Integration – having heavy oil refining capacity capable of processing Canadian heavy oil. From a value perspective, our refining business positions us to capture value from both the WTI-WCS differential for Canadian crude oil and the Brent-WTI differential from the sale of refined products;

Transportation commitments and arrangements – supporting transportation projects that move crude oil from our production areas to consuming markets, including tidewater markets, as well as utilizing our crude-by-rail terminal and entering into agreements with third parties to move additional rail volumes to alleviate a portion of near-term takeaway capacity constraints;

Marketing agreements – limiting the impact of fluctuations in upstream crude oil prices by entering into physical supply transactions with fixed price components directly with refiners;

Dynamic storage – our ability to use the significant storage capacity in our oil sands reservoirs provides us flexibility on timing of production and sales of our inventory. We will continue to manage our production well rates in response to pipeline capacity constraints, crude-by-rail export capacity and crude oil price differentials; and

Financial hedge transactions – limiting the impact of fluctuations in upstream crude oil prices by entering into financial transactions that fix the WTI-WCS differential.

 

Natural gas and NGLs production associated with our Deep Basin Assets provide improved upstream integration for the fuel, solvent and blending requirements at our oil sands operations.

Key Priorities For 2019

Deleveraging and Disciplined Capital Investment

In 2019, our focus will be on further deleveraging our balance sheet and maintaining capital discipline in an effort to position Cenovus to have the flexibility to balance increasing returns to shareholders with disciplined investment in high-return growth projects. Maintaining our financial resilience and flexibility while continuing to deliver safe and reliable operations remains a top priority.
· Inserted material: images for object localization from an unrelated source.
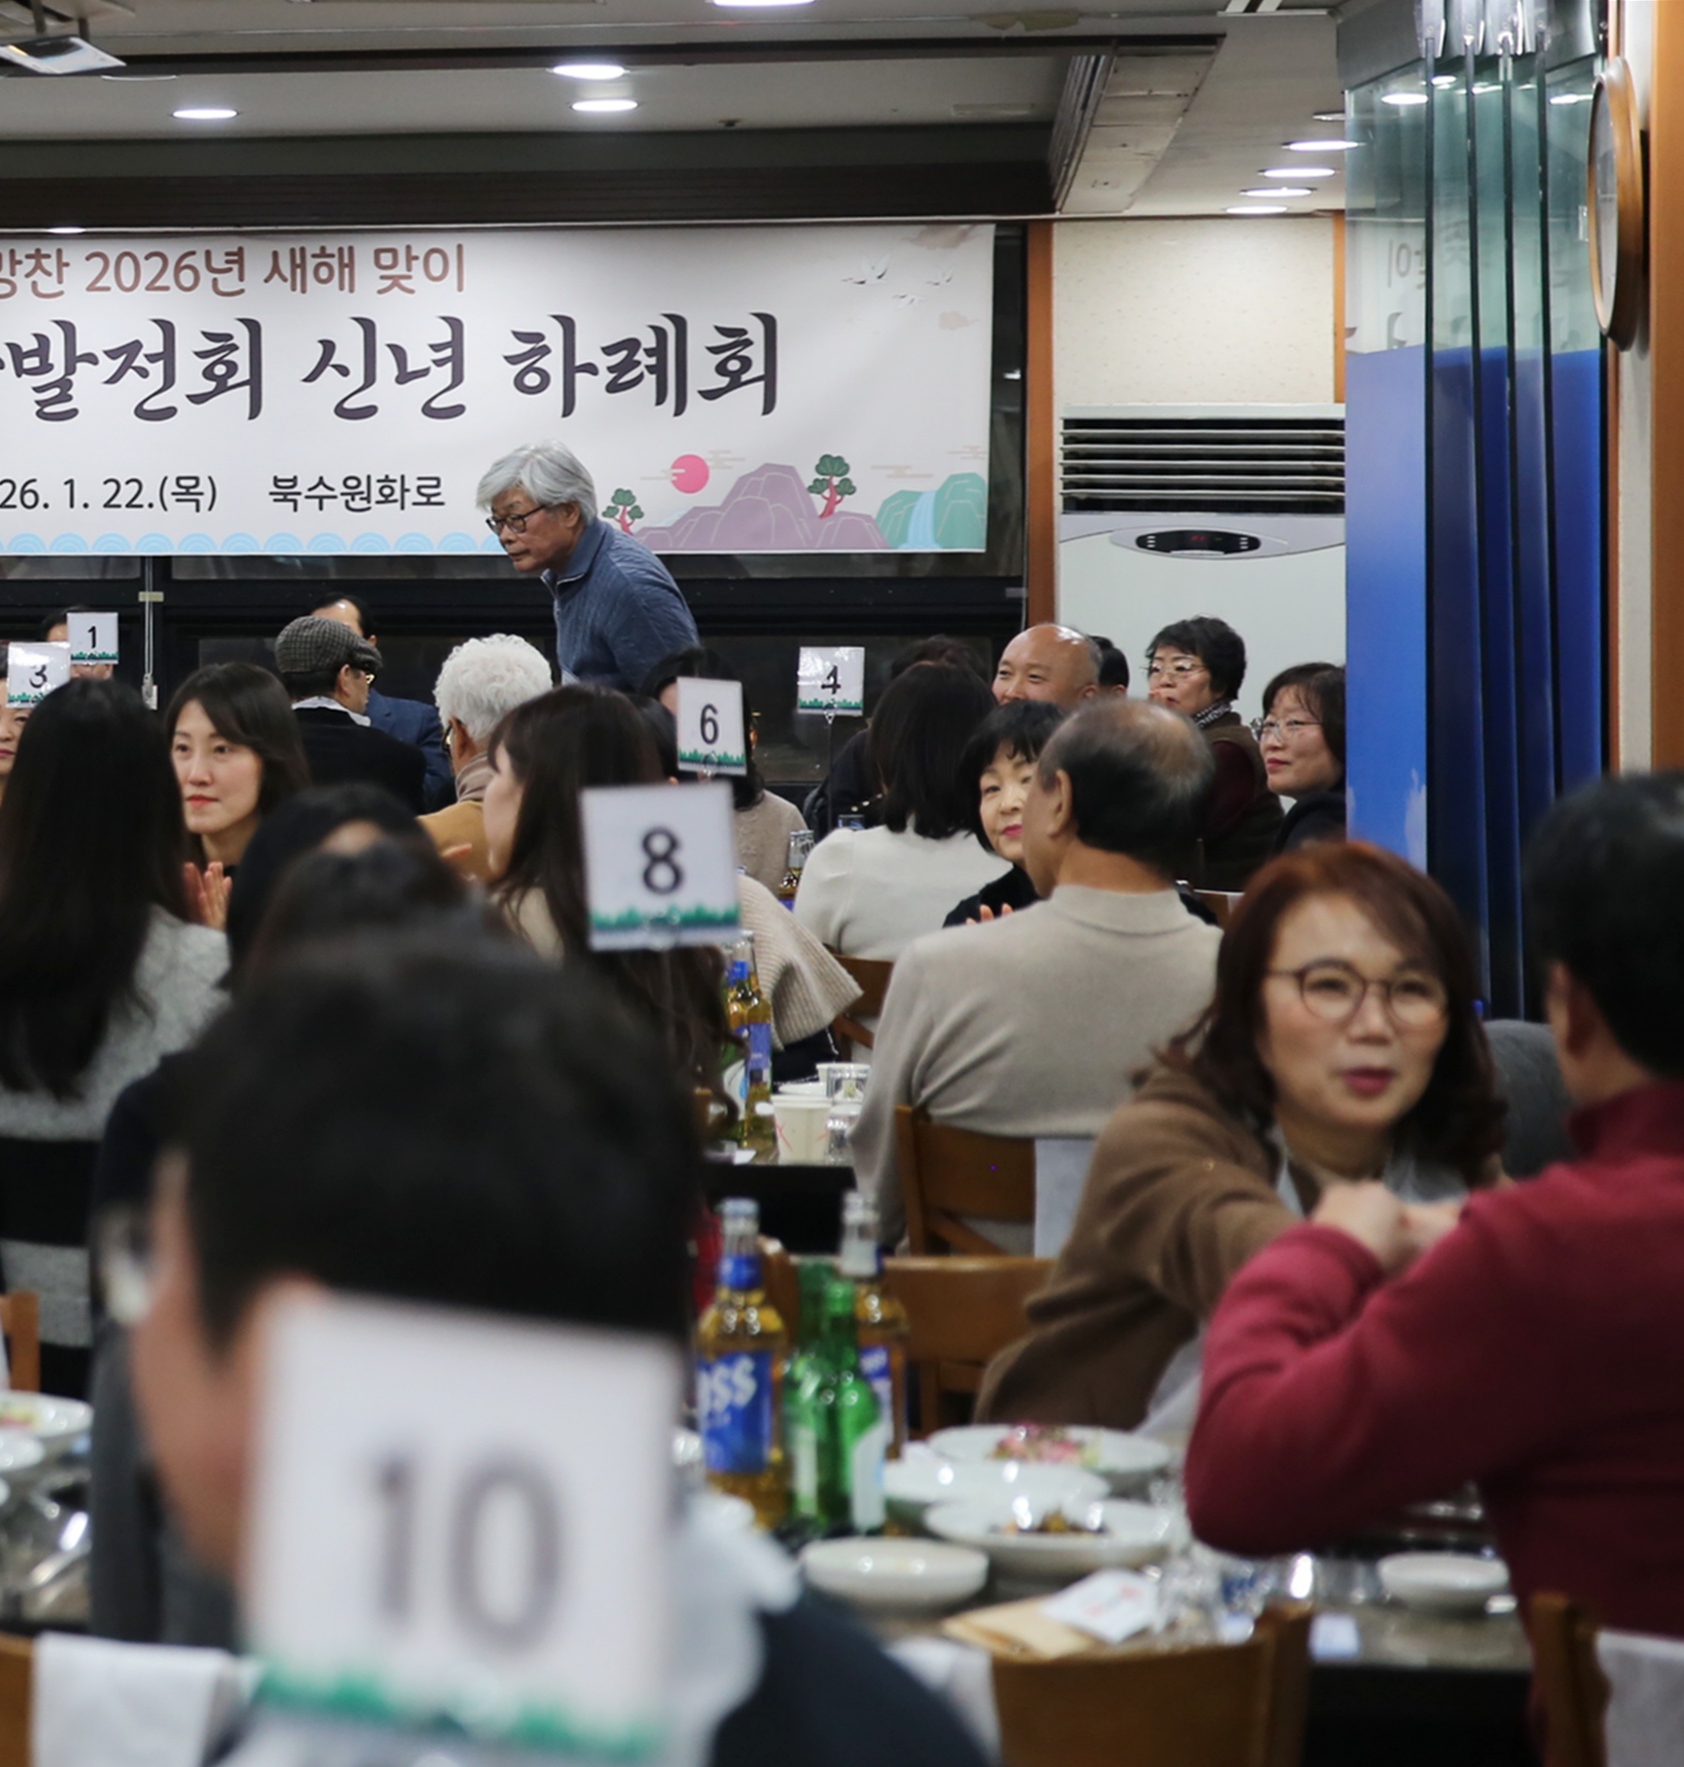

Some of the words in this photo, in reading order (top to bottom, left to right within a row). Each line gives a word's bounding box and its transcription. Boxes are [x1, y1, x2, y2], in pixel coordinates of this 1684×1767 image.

[84, 246, 247, 298] 2026년
[262, 244, 356, 294] 새해
[372, 242, 464, 295] 맞이
[300, 316, 467, 421] 신년
[503, 312, 778, 419] 하례회
[63, 478, 89, 510] 1.
[102, 474, 218, 513] 22.(목)
[268, 474, 446, 513] 북수원화로
[87, 625, 97, 649] 1
[29, 664, 47, 689] 3
[821, 665, 841, 695] 4
[700, 703, 719, 745] 6
[641, 828, 685, 895] 8
[366, 1448, 568, 1658] 10
In 2019, we anticipate capital investment to be between $1.2 billion and $1.4 billion. We plan to direct the majority of our 2019 capital budget towards sustaining oil sands production, while supporting the completion of the Christina Lake phase G expansion, which is ahead of schedule and expected to be completed in the second quarter of 2019. We have flexibility on when we start production from Christina Lake phase G, and will take into consideration whether mandated production curtailments have been lifted and there is sustained improvement in market access and heavy oil benchmark prices. In response to the current commodity price environment and our continued focus on near-term debt reduction, we are taking a very disciplined approach in the Deep Basin, with the goal of reducing costs, improving efficiencies and maximizing value. With integration remaining an important part of our overall strategy, capital investment is also allocated for scheduled maintenance and reliability work at the Refineries.
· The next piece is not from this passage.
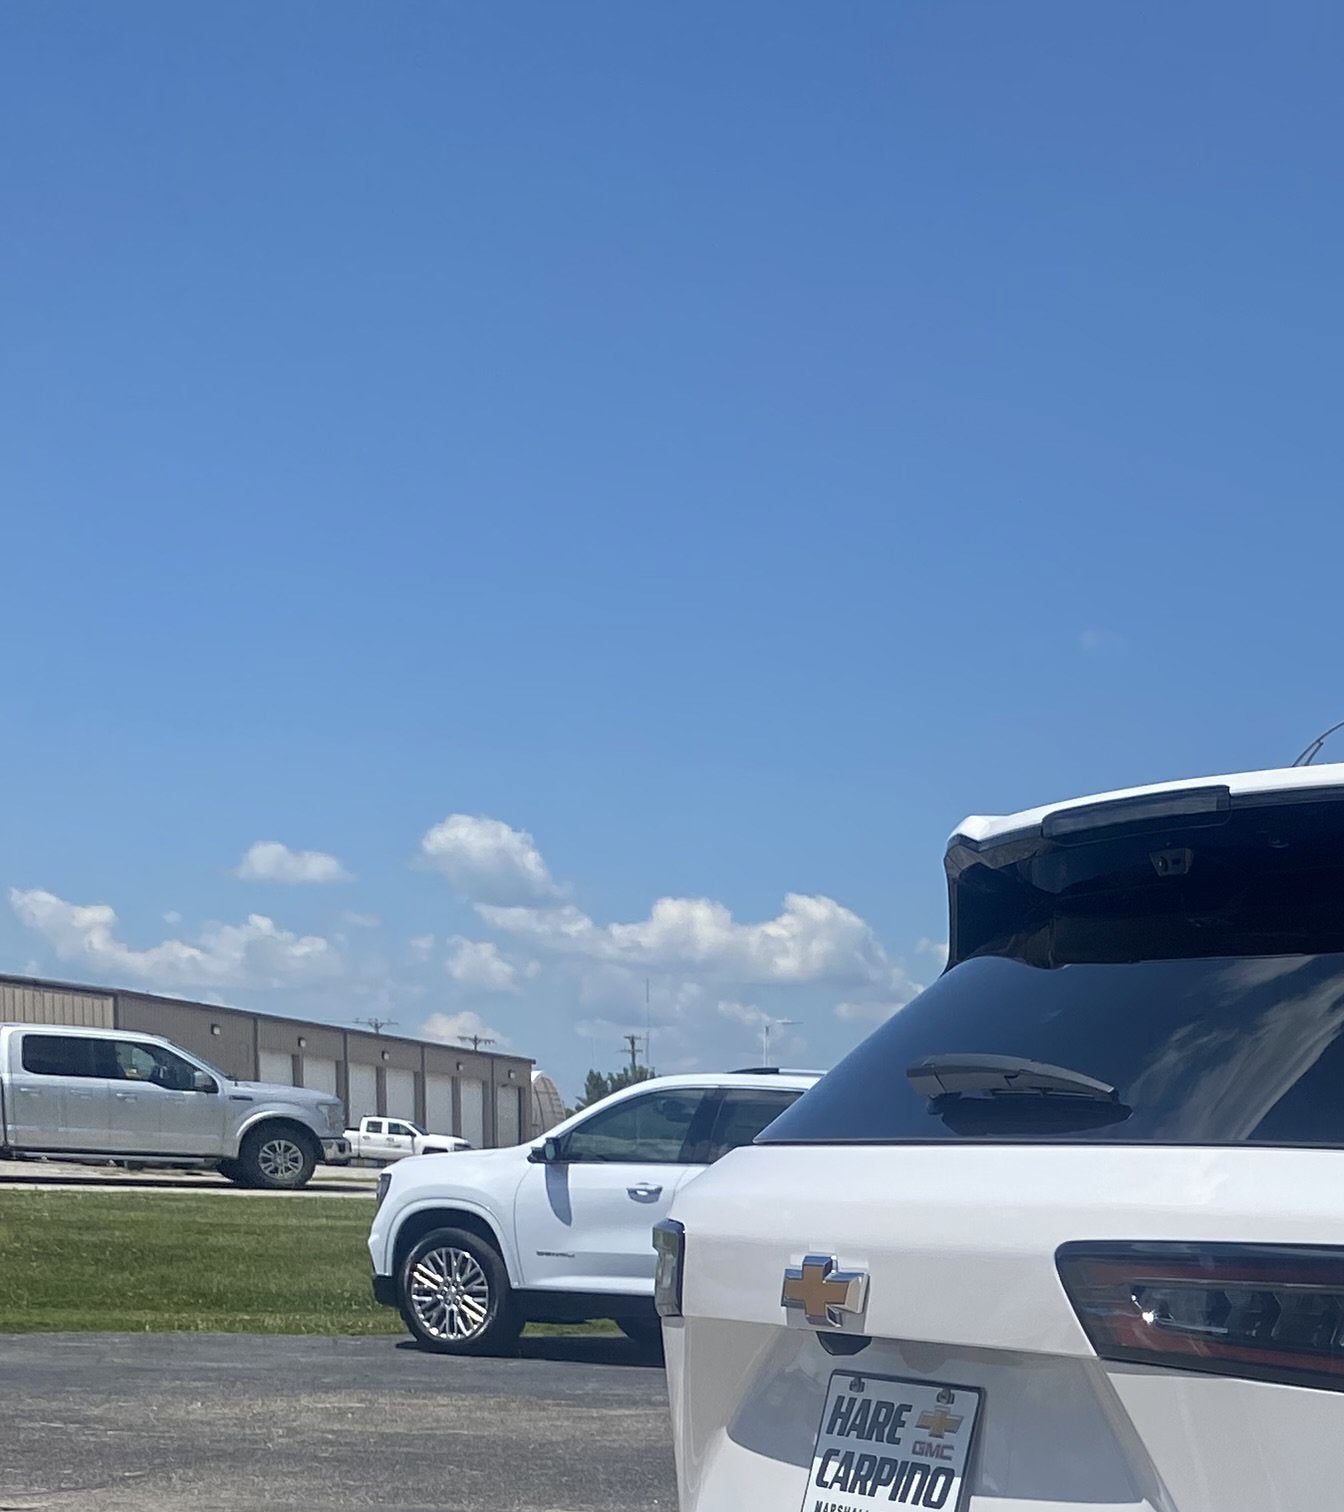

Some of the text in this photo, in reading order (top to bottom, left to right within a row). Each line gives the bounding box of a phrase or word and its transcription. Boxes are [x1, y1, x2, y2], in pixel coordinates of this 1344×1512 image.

As at December 31, 2018, our net debt position was $8.4 billion. Through a combination of cash on hand and available capacity on our committed credit facility, we have approximately $5.3 billion of liquidity as at December 31, 2018.
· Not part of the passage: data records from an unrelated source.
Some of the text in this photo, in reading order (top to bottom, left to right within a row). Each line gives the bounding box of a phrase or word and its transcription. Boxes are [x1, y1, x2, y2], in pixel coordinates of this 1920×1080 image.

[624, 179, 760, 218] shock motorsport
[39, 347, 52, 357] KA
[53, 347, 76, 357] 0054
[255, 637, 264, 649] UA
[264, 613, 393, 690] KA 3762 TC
Over the long-term, we continue to target a Net Debt to Adjusted EBIDTA ratio of less than 2.0 times. Our objective is to maintain a high level of capital discipline and manage our capital structure to help ensure sufficient liquidity through all stages of the economic cycle.

We remain committed to increasing shareholder value through cost leadership, capital discipline and safe and reliable operations. These commitments, in combination with our high-quality upstream assets and joint ownership in strong refining assets, are expected to strengthen our ability to generate free funds flow and continue to deleverage our balance sheet in 2019.

Market Access

Market access constraints for Canadian crude oil production continue to be a challenge. Our strategy is to maintain firm transportation commitments through a combination of pipelines, rail and marine access to support our growth plans, but leave capacity for optimization. In 2018, we made significant progress in strengthening our long-term market access position through three-year strategic agreements with major rail companies to transport approximately 100,000 barrels per day of heavy crude oil from northern Alberta to various destinations on the U.S. Gulf Coast. We have already begun shipping under these contracts, and anticipate ramping up to 100,000 barrels per day through 2019. While we remain confident that new pipeline capacity will be constructed, these rail agreements will help get our oil to higher-price markets. We expect to supplement firm capacity with active blending, storage, sourcing and destination optimization to ensure we are maximizing the margin on every barrel we produce.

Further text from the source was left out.